Your output is to consist only of the line containing "this 2212×1659 image." and the lines after it, through the end of the data, reproduced exactly.

▼

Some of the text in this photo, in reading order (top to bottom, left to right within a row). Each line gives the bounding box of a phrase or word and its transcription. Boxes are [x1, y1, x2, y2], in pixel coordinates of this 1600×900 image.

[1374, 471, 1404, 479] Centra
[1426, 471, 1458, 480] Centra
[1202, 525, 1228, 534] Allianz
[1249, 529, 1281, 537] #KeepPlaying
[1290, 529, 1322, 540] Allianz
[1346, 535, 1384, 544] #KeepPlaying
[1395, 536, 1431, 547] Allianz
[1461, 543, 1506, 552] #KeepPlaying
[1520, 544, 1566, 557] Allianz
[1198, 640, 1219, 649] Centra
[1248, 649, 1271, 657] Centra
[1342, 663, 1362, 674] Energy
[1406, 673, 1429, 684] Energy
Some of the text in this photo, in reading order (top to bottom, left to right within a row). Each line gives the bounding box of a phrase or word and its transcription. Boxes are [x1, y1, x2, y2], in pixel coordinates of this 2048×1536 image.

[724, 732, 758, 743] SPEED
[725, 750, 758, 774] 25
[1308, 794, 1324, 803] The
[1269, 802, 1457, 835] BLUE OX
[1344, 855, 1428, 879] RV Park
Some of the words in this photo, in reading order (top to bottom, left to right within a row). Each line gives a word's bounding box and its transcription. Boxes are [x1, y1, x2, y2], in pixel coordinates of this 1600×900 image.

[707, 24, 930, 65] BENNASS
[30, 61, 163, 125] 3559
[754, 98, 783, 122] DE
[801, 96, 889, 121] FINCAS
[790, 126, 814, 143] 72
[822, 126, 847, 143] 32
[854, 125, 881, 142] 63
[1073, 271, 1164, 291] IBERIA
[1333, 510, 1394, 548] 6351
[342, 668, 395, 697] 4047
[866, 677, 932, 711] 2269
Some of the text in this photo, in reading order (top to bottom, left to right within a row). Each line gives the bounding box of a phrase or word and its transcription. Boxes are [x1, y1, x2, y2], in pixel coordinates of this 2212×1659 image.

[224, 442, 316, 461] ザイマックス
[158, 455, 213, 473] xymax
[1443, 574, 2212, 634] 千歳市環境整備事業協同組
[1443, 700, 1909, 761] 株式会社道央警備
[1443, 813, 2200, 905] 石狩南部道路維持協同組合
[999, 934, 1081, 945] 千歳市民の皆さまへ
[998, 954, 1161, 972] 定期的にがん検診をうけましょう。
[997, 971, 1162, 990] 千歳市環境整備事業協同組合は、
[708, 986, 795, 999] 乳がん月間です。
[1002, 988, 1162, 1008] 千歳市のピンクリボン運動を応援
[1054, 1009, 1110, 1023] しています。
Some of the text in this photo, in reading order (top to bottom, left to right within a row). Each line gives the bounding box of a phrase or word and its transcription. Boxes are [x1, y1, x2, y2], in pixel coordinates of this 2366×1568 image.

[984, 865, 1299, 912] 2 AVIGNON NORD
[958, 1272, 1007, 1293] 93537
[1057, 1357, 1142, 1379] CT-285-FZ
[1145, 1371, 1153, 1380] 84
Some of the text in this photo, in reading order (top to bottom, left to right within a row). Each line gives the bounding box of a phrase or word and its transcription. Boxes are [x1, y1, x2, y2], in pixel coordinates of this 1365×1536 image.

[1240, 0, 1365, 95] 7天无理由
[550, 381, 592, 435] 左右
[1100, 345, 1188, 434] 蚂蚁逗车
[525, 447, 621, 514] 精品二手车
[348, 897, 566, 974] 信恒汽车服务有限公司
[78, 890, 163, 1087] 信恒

▲

## Solved problem
Some of the text in this photo, in reading order (top to bottom, left to right within a row). Each line gives the bounding box of a phrase or word and its transcription. Boxes are [x1, y1, x2, y2], in pixel coordinates of this 2212×1659 image.

[224, 442, 316, 461] ザイマックス
[158, 455, 213, 473] xymax
[1443, 574, 2212, 634] 千歳市環境整備事業協同組
[1443, 700, 1909, 761] 株式会社道央警備
[1443, 813, 2200, 905] 石狩南部道路維持協同組合
[999, 934, 1081, 945] 千歳市民の皆さまへ
[998, 954, 1161, 972] 定期的にがん検診をうけましょう。
[997, 971, 1162, 990] 千歳市環境整備事業協同組合は、
[708, 986, 795, 999] 乳がん月間です。
[1002, 988, 1162, 1008] 千歳市のピンクリボン運動を応援
[1054, 1009, 1110, 1023] しています。
Some of the text in this photo, in reading order (top to bottom, left to right within a row). Each line gives the bounding box of a phrase or word and its transcription. Boxes are [x1, y1, x2, y2], in pixel coordinates of this 2366×1568 image.

[984, 865, 1299, 912] 2 AVIGNON NORD
[958, 1272, 1007, 1293] 93537
[1057, 1357, 1142, 1379] CT-285-FZ
[1145, 1371, 1153, 1380] 84
Some of the text in this photo, in reading order (top to bottom, left to right within a row). Each line gives the bounding box of a phrase or word and its transcription. Boxes are [x1, y1, x2, y2], in pixel coordinates of this 1365×1536 image.

[1240, 0, 1365, 95] 7天无理由
[550, 381, 592, 435] 左右
[1100, 345, 1188, 434] 蚂蚁逗车
[525, 447, 621, 514] 精品二手车
[348, 897, 566, 974] 信恒汽车服务有限公司
[78, 890, 163, 1087] 信恒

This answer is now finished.